Former clinic workers plead guilty to forging prescriptions
GULFPORT, Miss. (AP) — Three south Mississippi residents have pleaded guilty to writing unauthorized prescriptions for others, after they and nine others were indicted in June.
Nakita Piernas pleaded guilty Tuesday in federal court in Gulfport to conspiring to distribute drugs outside of professional practice. Tyrone Thomas Jr. and Andrea Opoku pleaded guilty to the same charge earlier this month. All three face up to 20 years in prison and a fine of $1 million.
All three have been named as former employees of Merit Health’s Gulf Oaks Outpatient Center in Biloxi.

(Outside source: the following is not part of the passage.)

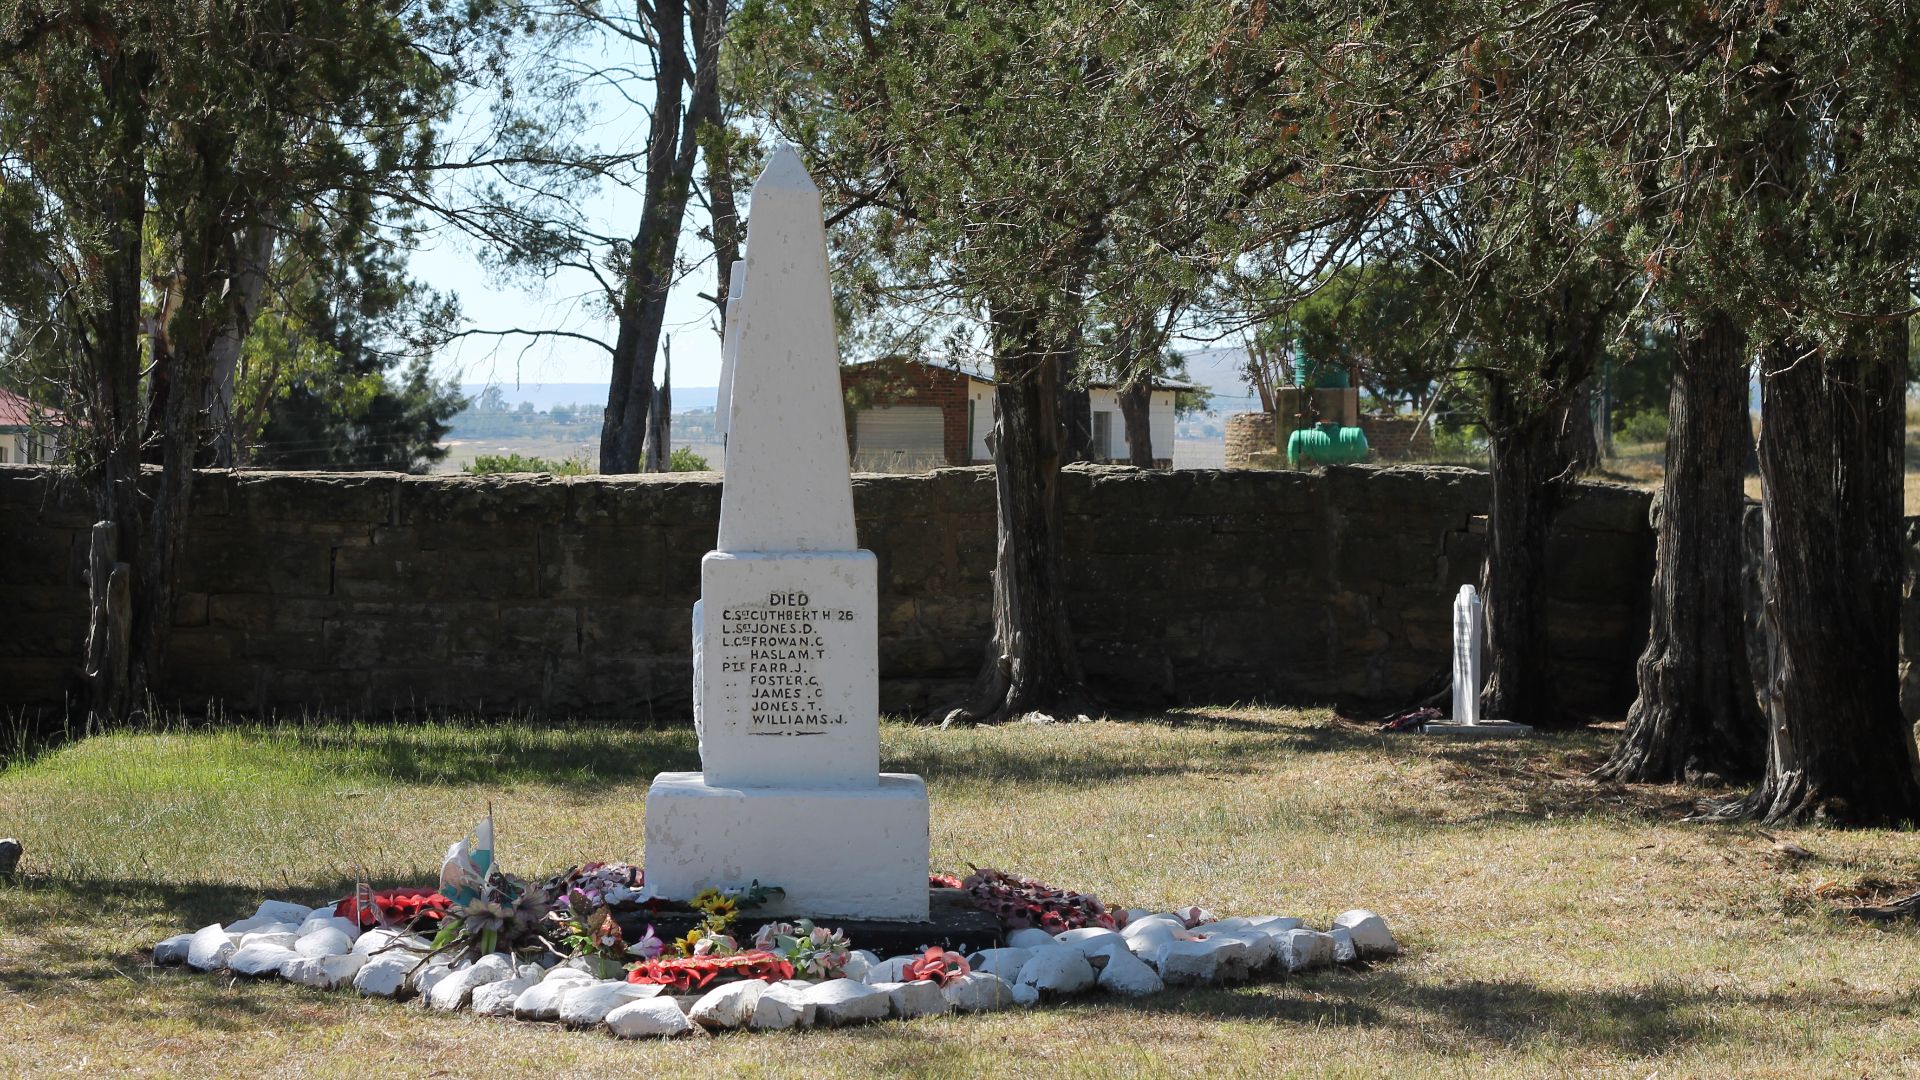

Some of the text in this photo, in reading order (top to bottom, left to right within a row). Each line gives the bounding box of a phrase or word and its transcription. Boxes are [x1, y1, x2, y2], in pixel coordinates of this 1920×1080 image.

[770, 593, 809, 606] DIED
[750, 610, 818, 620] CUTHBERT
[822, 610, 831, 620] H
[838, 610, 854, 621] 26

Of the remaining nine, Marcus Prince pleaded guilty Oct. 17 to the same conspiracy charge. Six others have pleaded guilty this month to either one or two counts of fraudulently obtaining drugs, which carries a sentence of up to four years in prison and up to a fine of $250,000 for each count. Drugs involved include opioids, Xanax, Adderall and Klonopin.

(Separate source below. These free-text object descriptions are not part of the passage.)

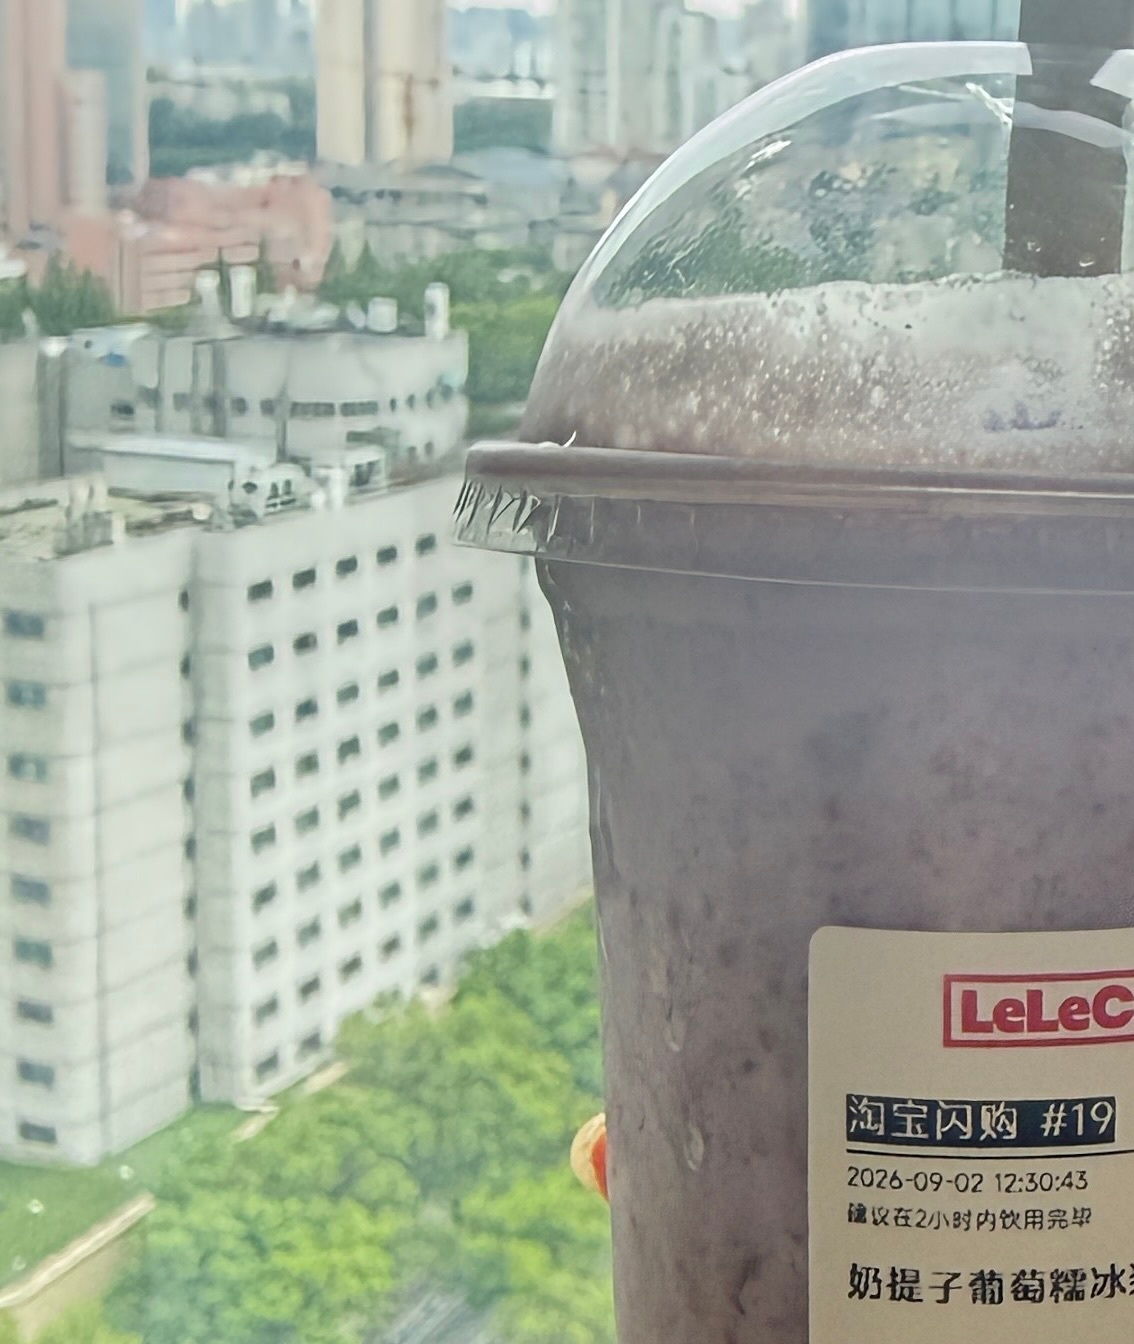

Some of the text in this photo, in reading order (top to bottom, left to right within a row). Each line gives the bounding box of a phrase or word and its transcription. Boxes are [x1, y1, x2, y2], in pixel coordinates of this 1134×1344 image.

[848, 1099, 1115, 1142] 淘宝闪购 #19
[847, 1166, 1089, 1194] 2026-09-02 12:30:43
[847, 1202, 1092, 1232] 建议在2小时内饮用完毕
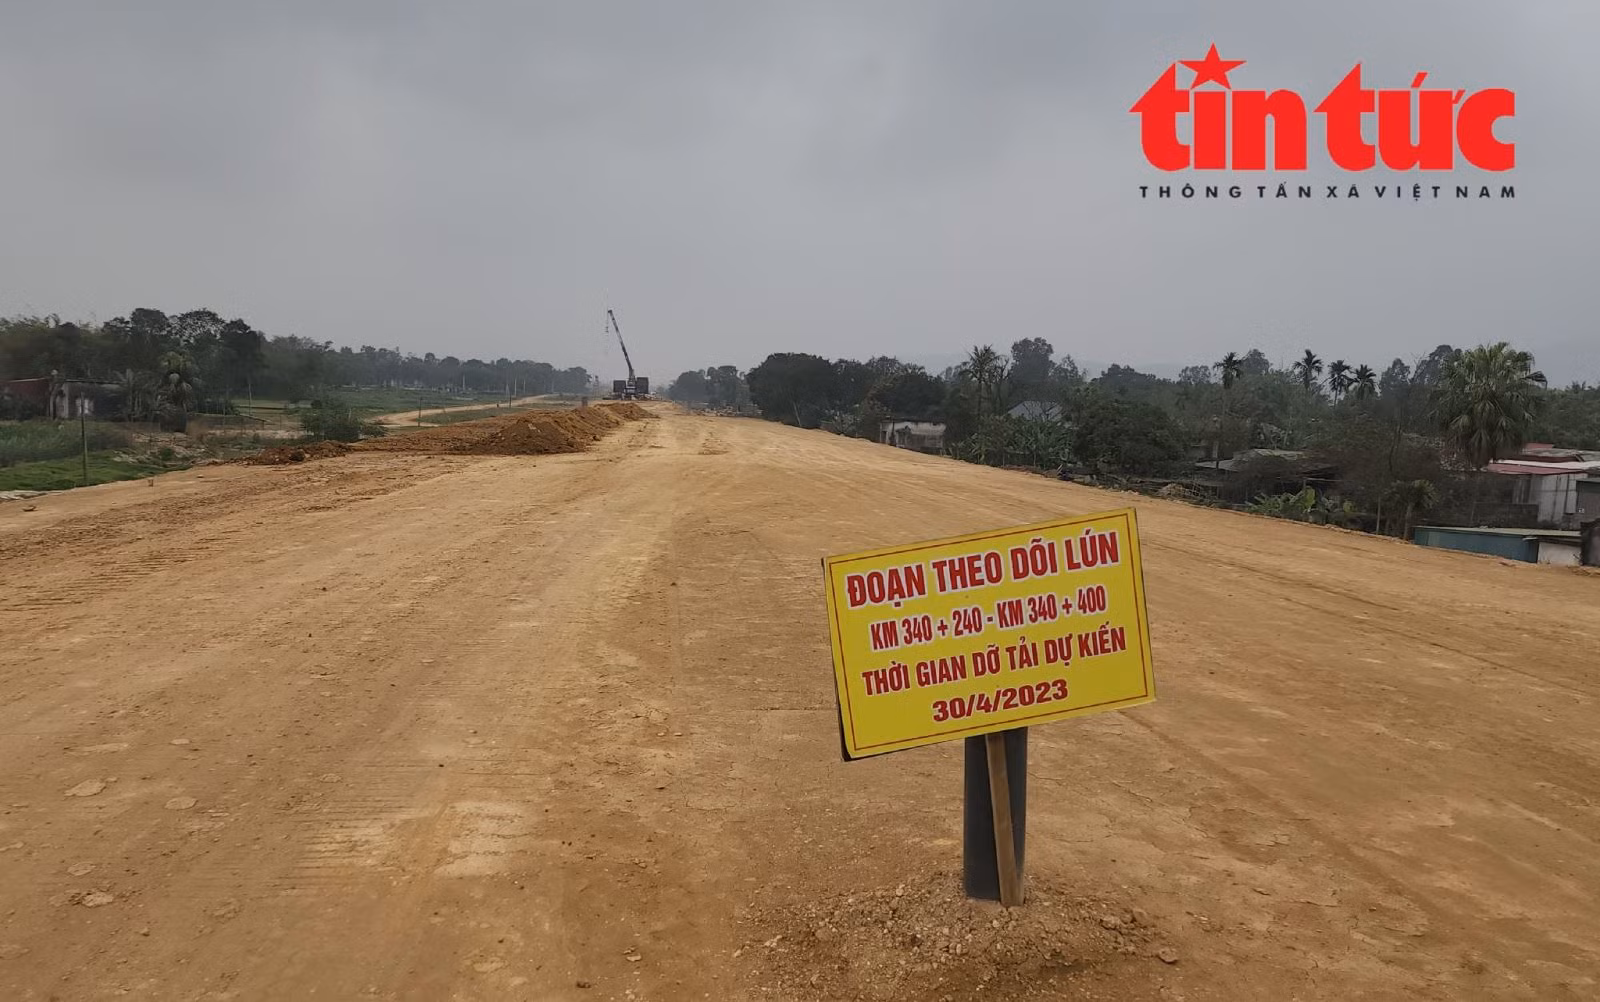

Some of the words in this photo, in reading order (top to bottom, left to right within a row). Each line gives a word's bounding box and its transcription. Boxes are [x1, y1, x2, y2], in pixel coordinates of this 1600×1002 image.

[847, 564, 926, 609] ĐOẠN
[932, 551, 1002, 593] THEO
[1010, 538, 1058, 579] DÕI
[1065, 529, 1119, 570] LÚN
[871, 620, 899, 650] KM
[903, 615, 933, 645] 340
[937, 619, 948, 634] +
[952, 607, 982, 636] 240
[997, 599, 1025, 628] KM
[1028, 594, 1058, 623] 340
[1062, 597, 1073, 614] +
[1077, 585, 1107, 614] 400
[862, 660, 911, 695] THỜI
[916, 655, 967, 687] GIAN
[1005, 636, 1039, 671] TẢI
[1044, 633, 1074, 667] DỰ
[1078, 621, 1127, 658] KIẾN
[932, 679, 1069, 722] 30/4/2023

Proof presented last week by prosecutors against Piernas says she began forging prescriptions for friends, now codefendants, in 2014, using blank prescription pads from the clinic. Prosecutors say Piernas wrote two fake prescriptions in her own name that she picked up, and would also lie to pharmacists who called the clinic to verify fake prescriptions written by herself and others. Sometimes, Piernas would take money for the fake prescriptions.
Defendants Beverly Clayton and Thomas Williams have pleaded not guilty and are scheduled for trial in January. All the people who have pleaded guilty are scheduled to be sentenced in January.